Plasmodium Yoelii: Influence Of Antimalarial Treatment On Acquisition Of Immunity In Balb/C And Dba/2 Mice

The effect of antimalarial drugs on immune responses to the malaria infection is evaluated in vivo using two experimental self-cured rodent models. BALB/c and DBA/2 mice were infected by Plasmodium yoelii 17XNL and 17XL strains, respectively, and then treated with different doses of antimalarial drugs: chloroquine (228 mg/kg or 114 mg/kg of the body weight) or artesunate (78 mg/kg or 39 mg/kg). The effect of antimalarial drugs on host immune responses was evaluated by parasitemia, splenocyte IFN-gamma production level, and parasite-specific IgG level in the serum, however,, no significant differences were observed between drug-treated and untreated groups. Moreover, most of the infected mice of all groups showed the ability to resist homologous reinfection (challenged on day 60 post-infection), only a few mice experienced transient, low parasitemia.
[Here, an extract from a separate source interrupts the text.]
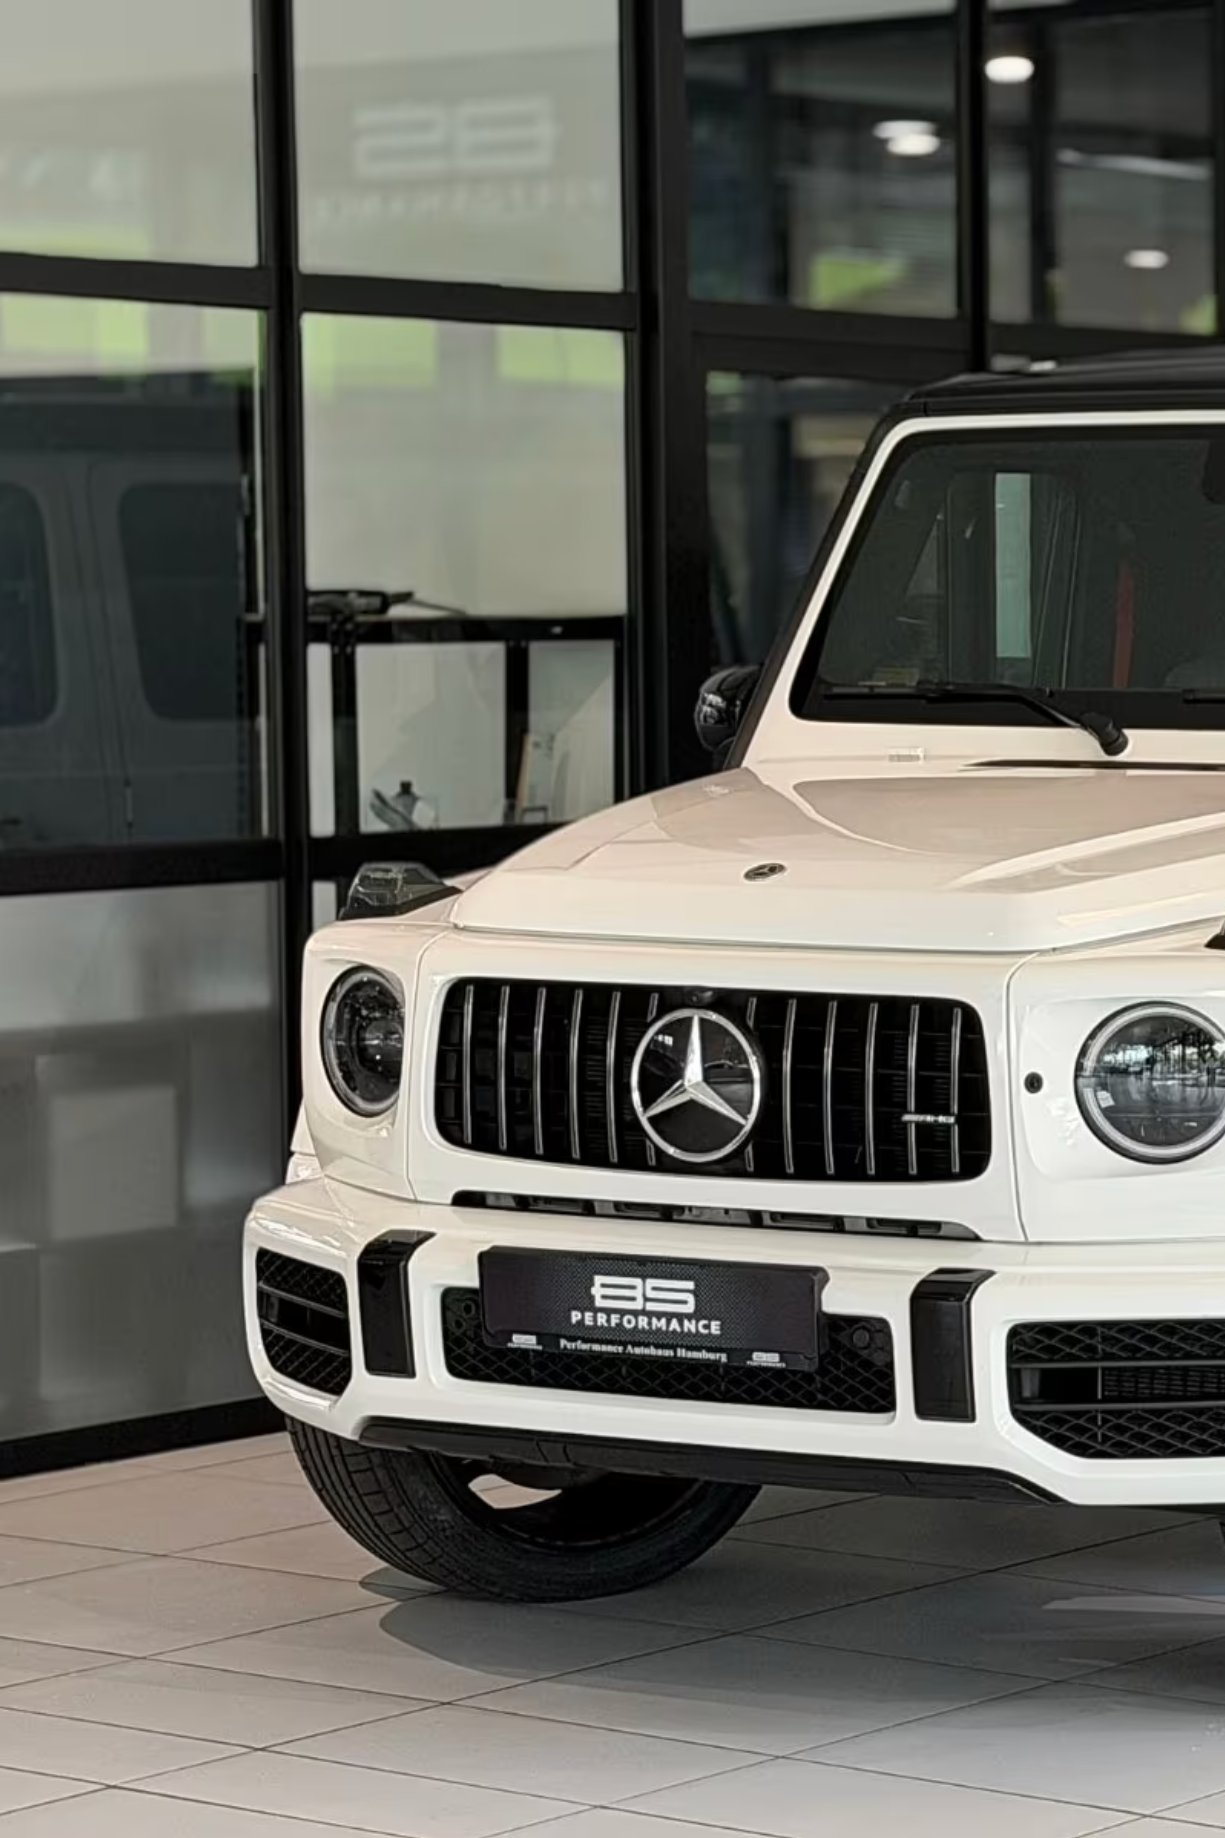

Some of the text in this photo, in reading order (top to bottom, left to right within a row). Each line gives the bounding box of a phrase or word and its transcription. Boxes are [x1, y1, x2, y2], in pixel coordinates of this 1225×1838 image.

The rechallenged mice were accompanied by high level of parasite-specific IgG. Therefore, this research implicated that, for BALB/c and DBA/2 mice, chloroquine or artesunate treatment of blood-stage P. yoelii infections does not compromise acquired immunity to malaria in either primary infection or upon rechallenge. (c) 2007 Elsevier Inc. All rights reserved.